Le tribunal de Béjaïa a examiné aujourd’hui l’affaire de l’enseignante universitaire Sabaihi Hakima, poursuivie pour incitation à un rassemblement non armé et pour outrage aux autorités judiciaires, conformément aux articles 100 et 146 du Code pénal.
Lors de l’audience, le parquet a requis une peine d’un an de prison ferme ainsi qu’une amende de 20 000 dinars algériens. Après les plaidoiries de la défense, l’affaire a été mise en délibéré et le verdict sera rendu le 04 juin 2026.

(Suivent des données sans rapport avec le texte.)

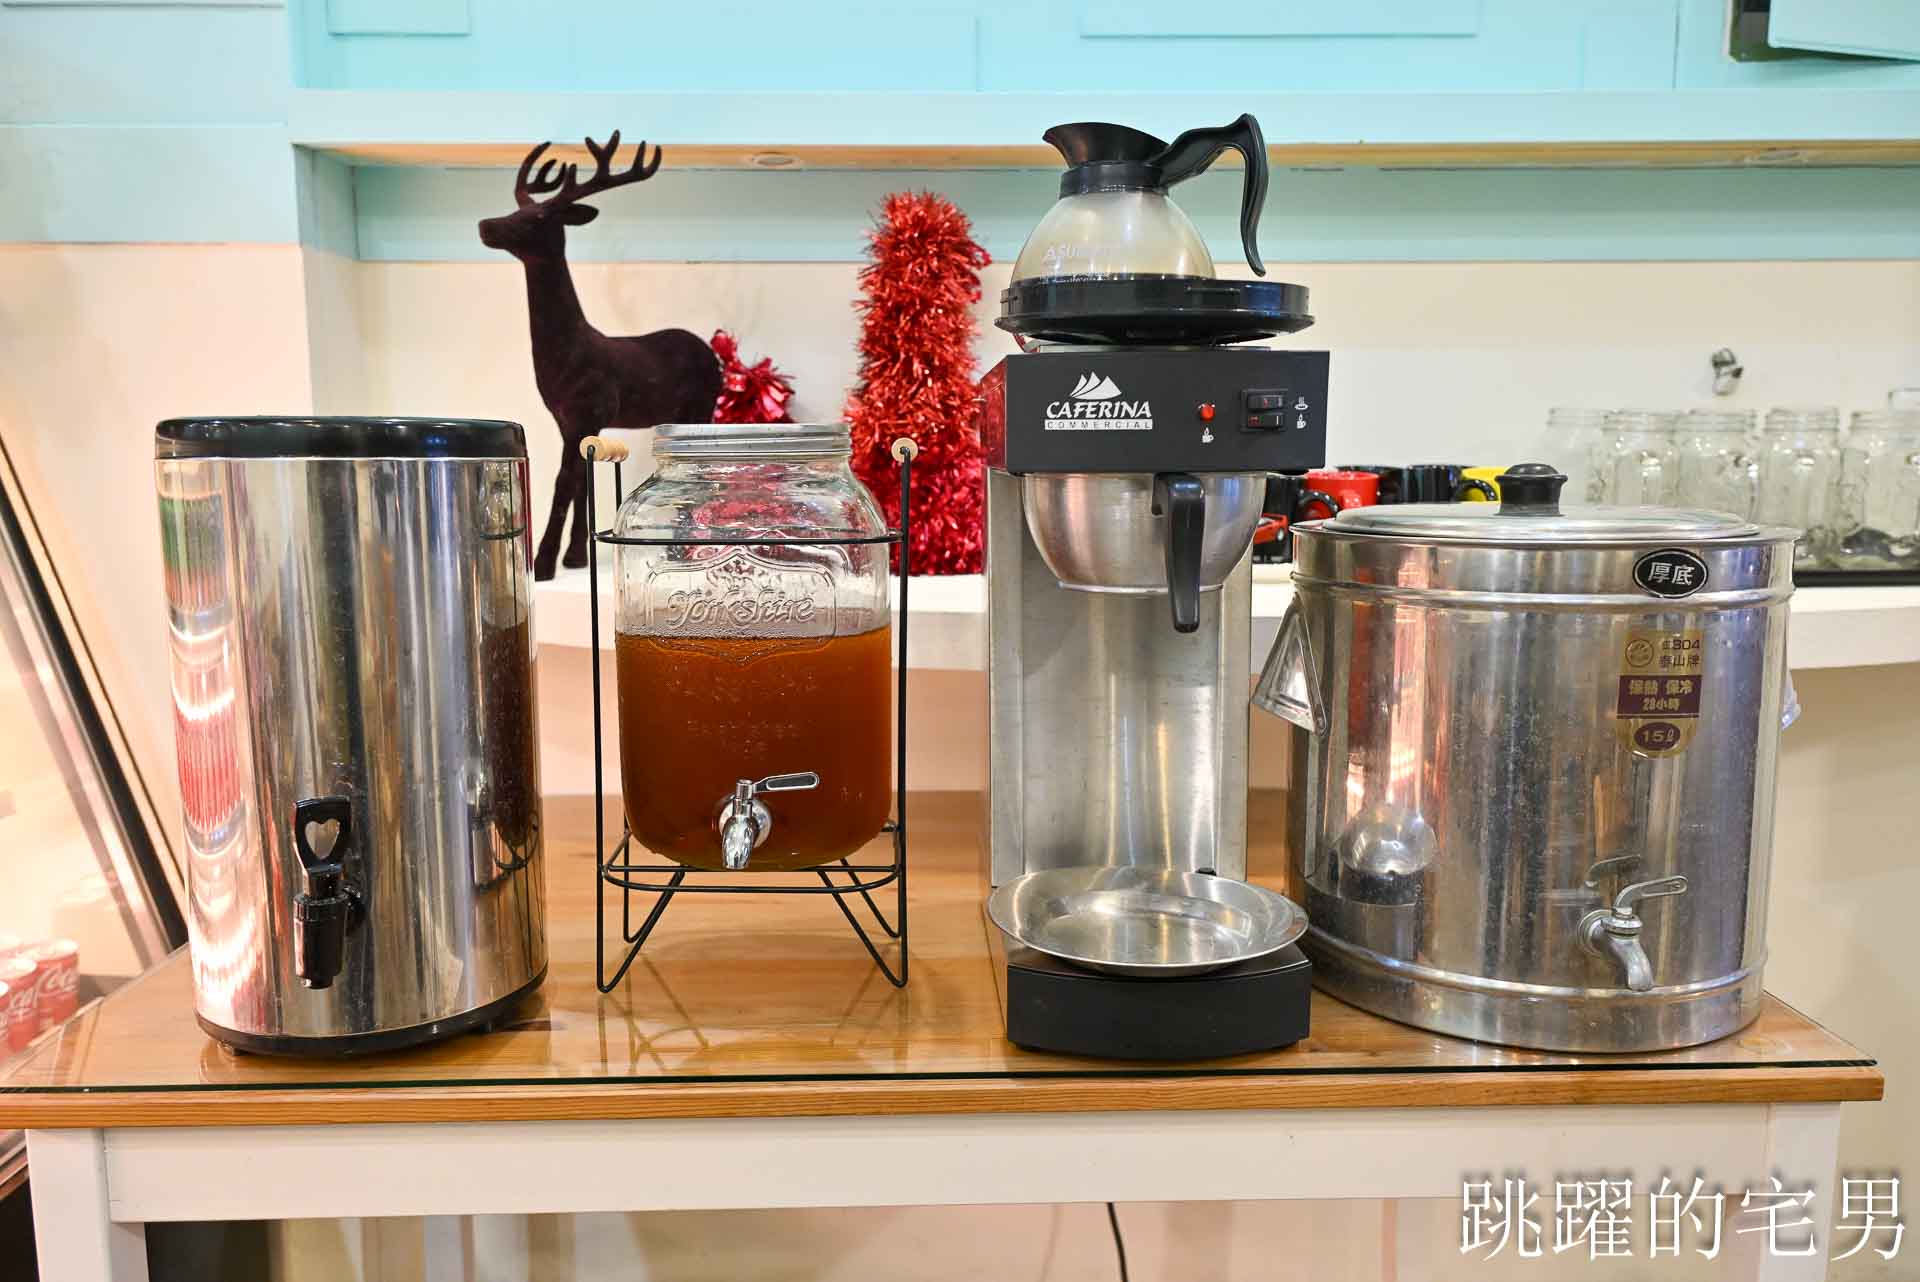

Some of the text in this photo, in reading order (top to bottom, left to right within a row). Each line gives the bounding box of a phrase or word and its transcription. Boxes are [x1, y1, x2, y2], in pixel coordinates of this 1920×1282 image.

[1046, 400, 1152, 419] CAFERINA
[1047, 420, 1151, 429] COMMERCIAL
[1648, 562, 1695, 585] 厚底

Cette affaire intervient dans un contexte marqué par de nombreuses critiques visant le pouvoir algérien, régulièrement accusé par des militants et défenseurs des droits humains de multiplier les poursuites judiciaires contre les voix critiques, les universitaires et les militants engagés. Pour plusieurs observateurs, ces procès traduisent un durcissement du climat politique et une volonté de restreindre les libertés d’expression et de rassemblement.
À travers cette nouvelle procédure judiciaire, les dénonciations d’un pouvoir jugé de plus en plus autoritaire continuent de se faire entendre, notamment au sein de la société civile, qui voit dans ce type d’affaires une pression exercée contre toute forme de contestation ou d’engagement public.